**About this exercise**. Retype the records in full, and please keep the pictures out of the copy.
BEGIN
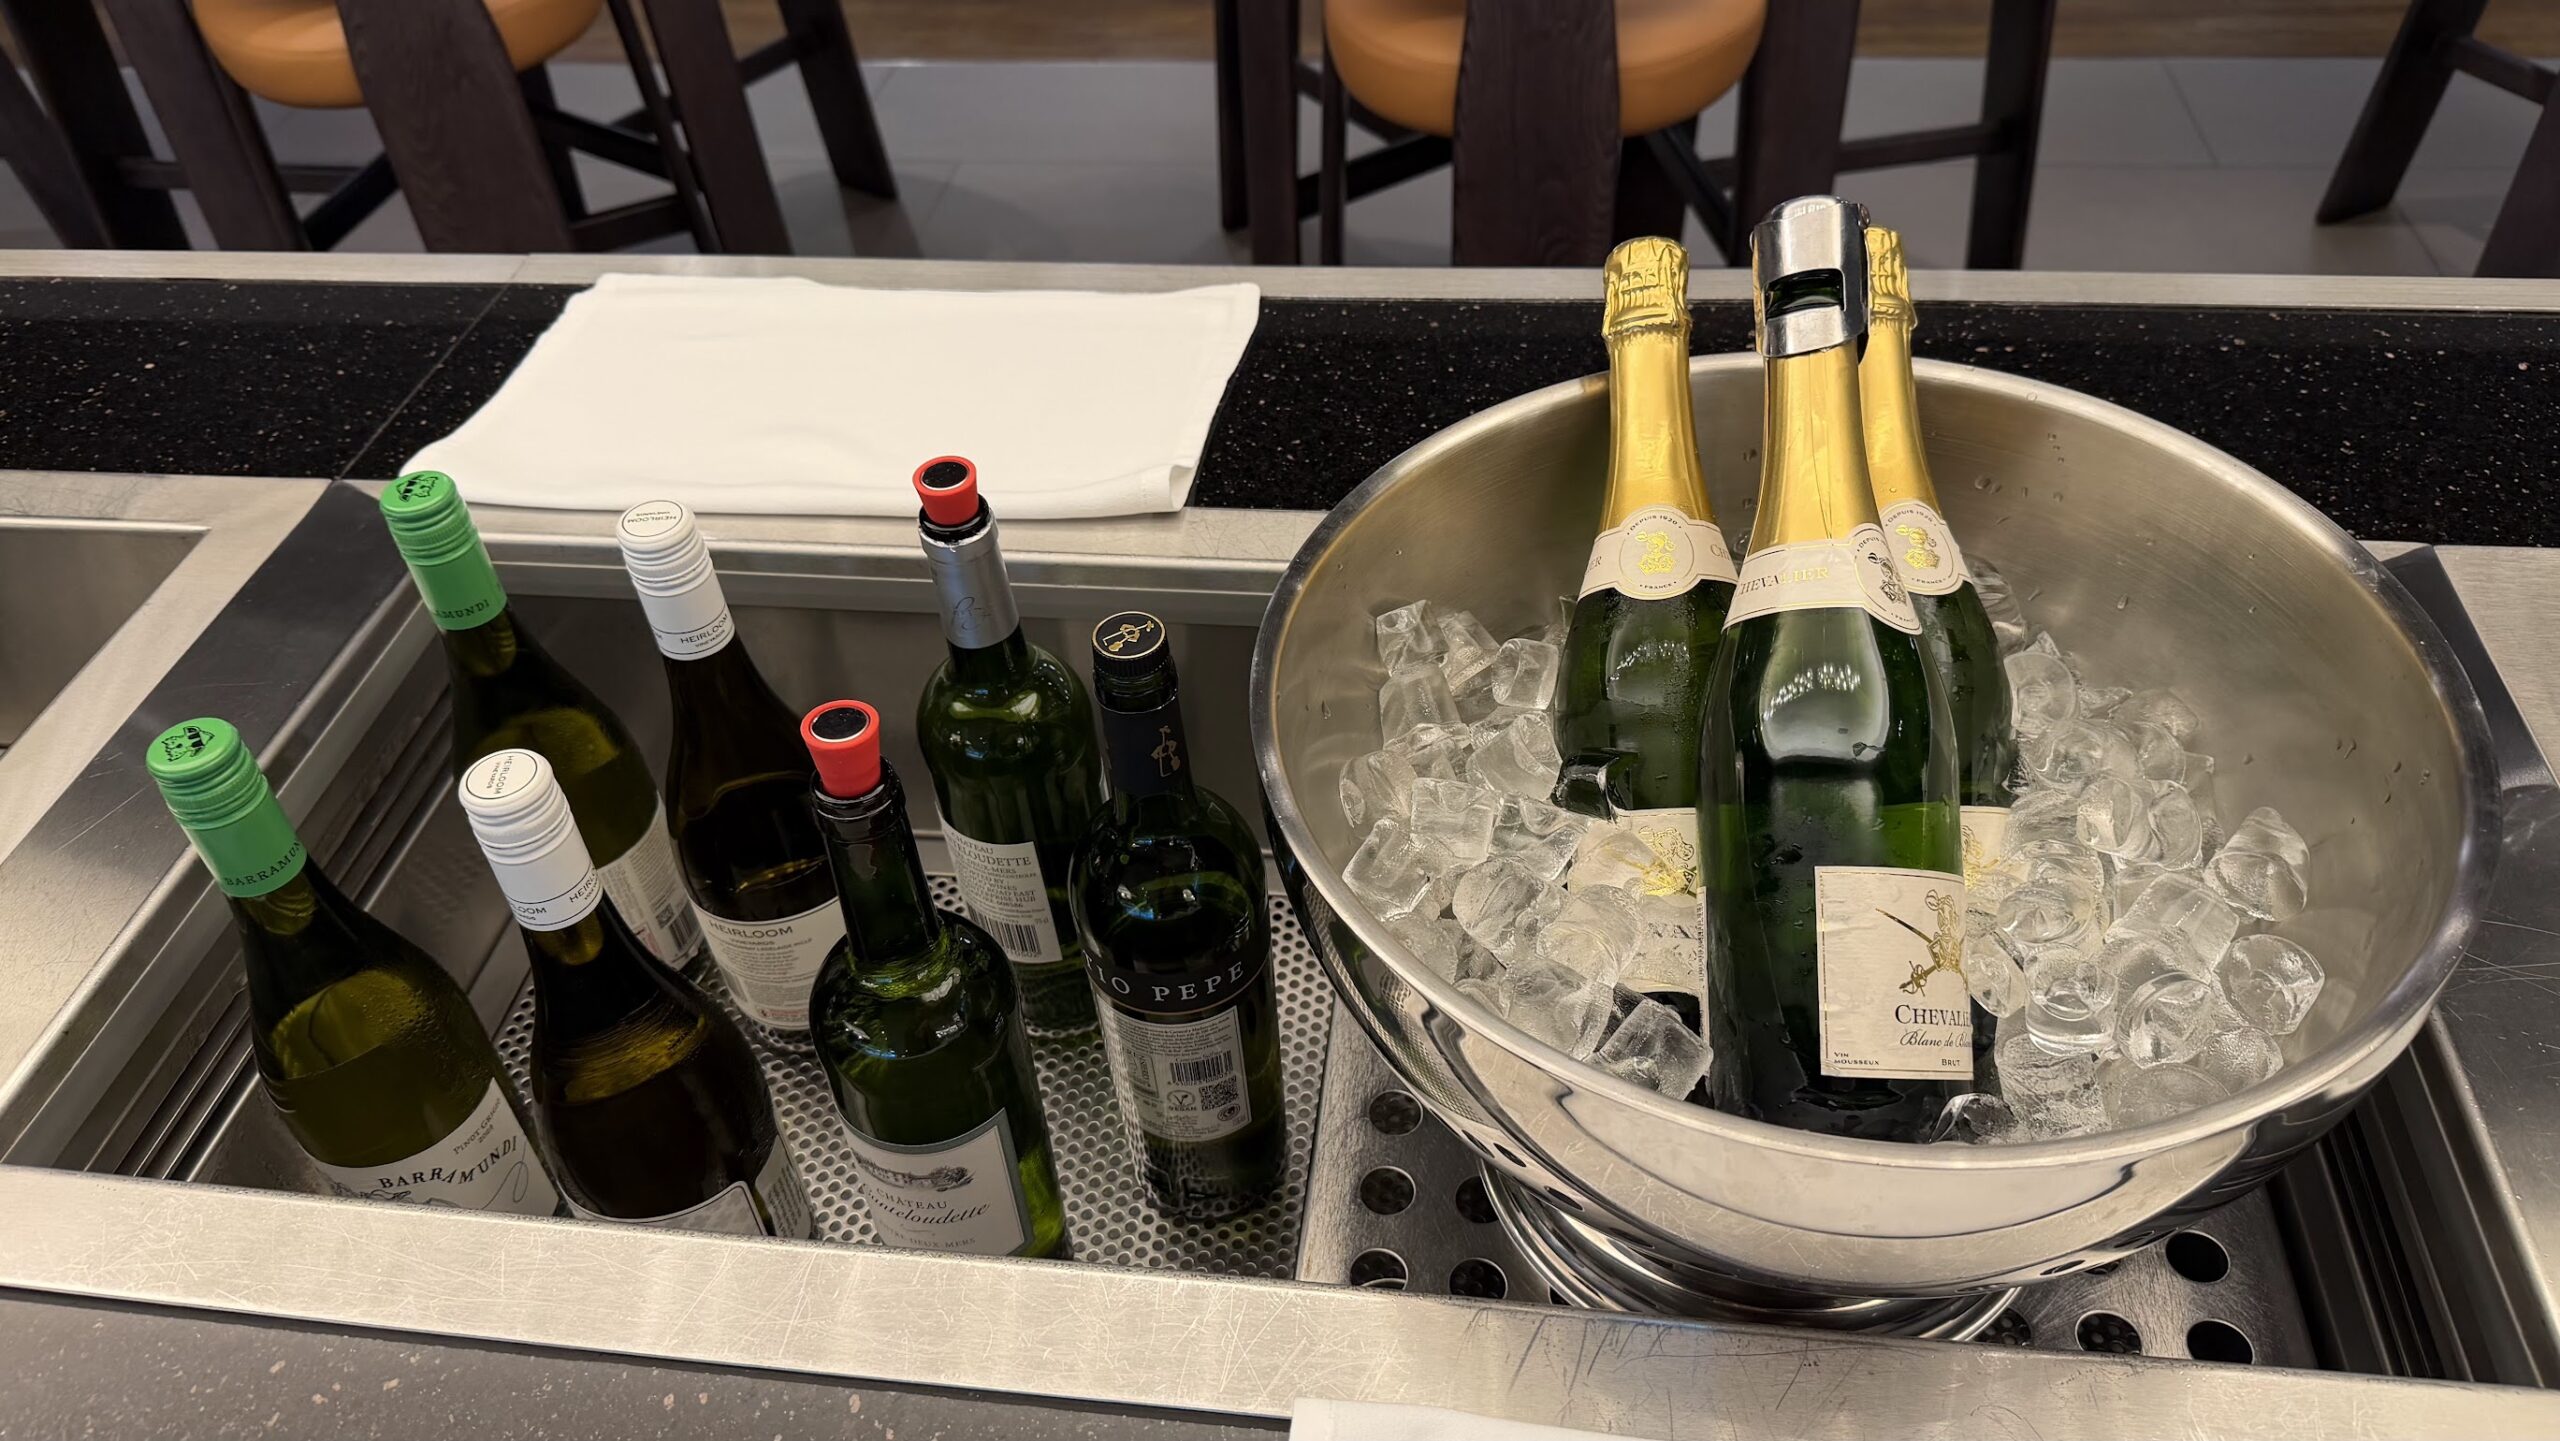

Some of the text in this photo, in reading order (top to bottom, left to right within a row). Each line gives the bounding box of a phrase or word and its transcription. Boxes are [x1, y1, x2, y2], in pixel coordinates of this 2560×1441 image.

[627, 514, 677, 524] HEIRLOOM
[1629, 514, 1678, 532] DEPUIS 1920
[1888, 509, 1914, 524] DEPUIS
[1643, 582, 1673, 590] FRANCE
[680, 612, 728, 644] HEIRLOOM
[494, 754, 515, 795] HEIRLOOM
[709, 920, 794, 939] HEIRLOOM
[1083, 949, 1244, 1002] TIO PEPE
[1899, 1029, 1942, 1046] Blanc
[1943, 1032, 1954, 1047] de
[1941, 1058, 1961, 1067] BRUT
[452, 1128, 482, 1155] PINOT
[377, 1135, 518, 1189] BARRAMUNDI
[944, 1237, 976, 1249] MERS
END
**Exercise result**.
Some of the text in this photo, in reading order (top to bottom, left to right within a row). Each line gives the bounding box of a phrase or word and its transcription. Boxes are [x1, y1, x2, y2], in pixel coordinates of this 2560×1441 image.

[627, 514, 677, 524] HEIRLOOM
[1629, 514, 1678, 532] DEPUIS 1920
[1888, 509, 1914, 524] DEPUIS
[1643, 582, 1673, 590] FRANCE
[680, 612, 728, 644] HEIRLOOM
[494, 754, 515, 795] HEIRLOOM
[709, 920, 794, 939] HEIRLOOM
[1083, 949, 1244, 1002] TIO PEPE
[1899, 1029, 1942, 1046] Blanc
[1943, 1032, 1954, 1047] de
[1941, 1058, 1961, 1067] BRUT
[452, 1128, 482, 1155] PINOT
[377, 1135, 518, 1189] BARRAMUNDI
[944, 1237, 976, 1249] MERS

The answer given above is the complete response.